**PROBLEM TO SOLVE**: Please retype the records below exactly, leaving out any pictures.

**DATA SECTION**:
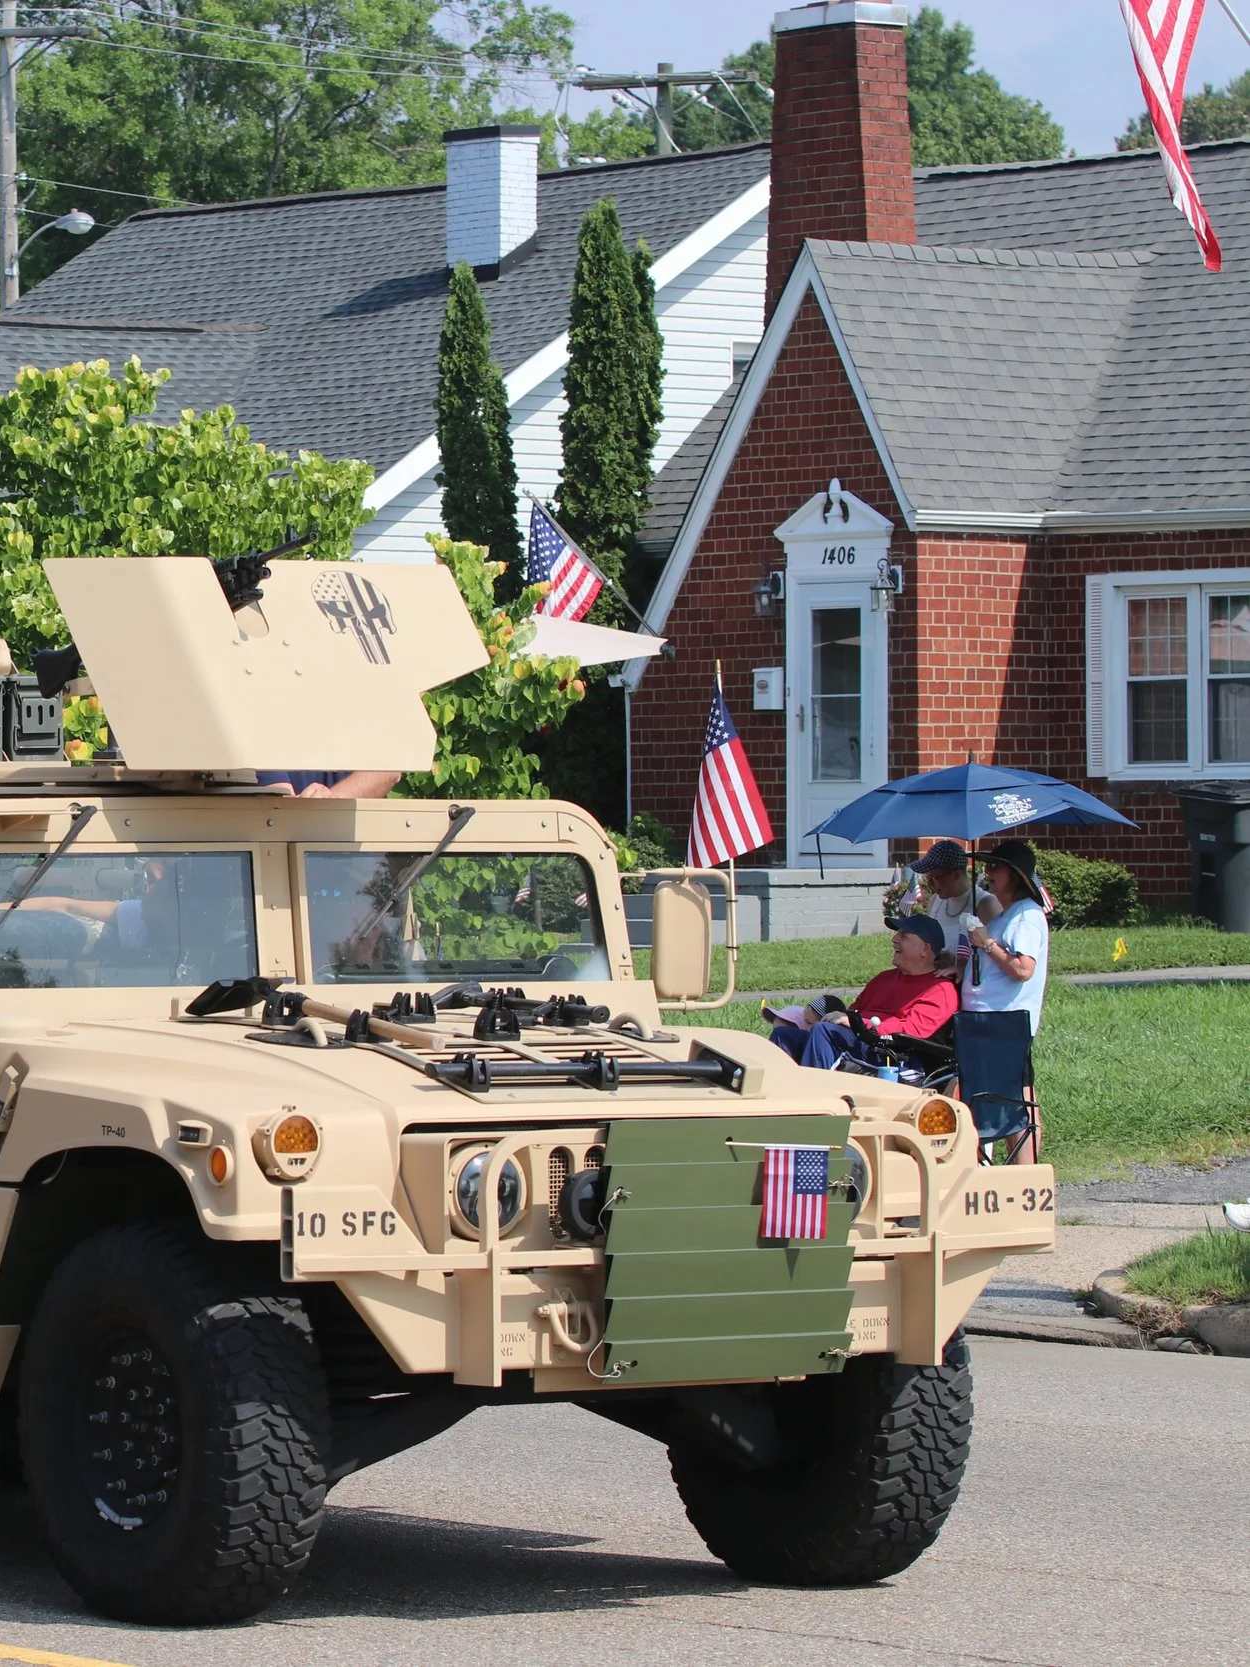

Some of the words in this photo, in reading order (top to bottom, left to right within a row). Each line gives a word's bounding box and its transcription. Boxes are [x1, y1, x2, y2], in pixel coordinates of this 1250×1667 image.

[821, 546, 855, 565] 1406
[101, 1124, 126, 1138] TP-40
[297, 1211, 326, 1238] 10
[342, 1211, 396, 1236] SFG

**SOLUTION TO THIS TASK**:
Some of the words in this photo, in reading order (top to bottom, left to right within a row). Each line gives a word's bounding box and its transcription. Boxes are [x1, y1, x2, y2], in pixel coordinates of this 1250×1667 image.

[821, 546, 855, 565] 1406
[101, 1124, 126, 1138] TP-40
[297, 1211, 326, 1238] 10
[342, 1211, 396, 1236] SFG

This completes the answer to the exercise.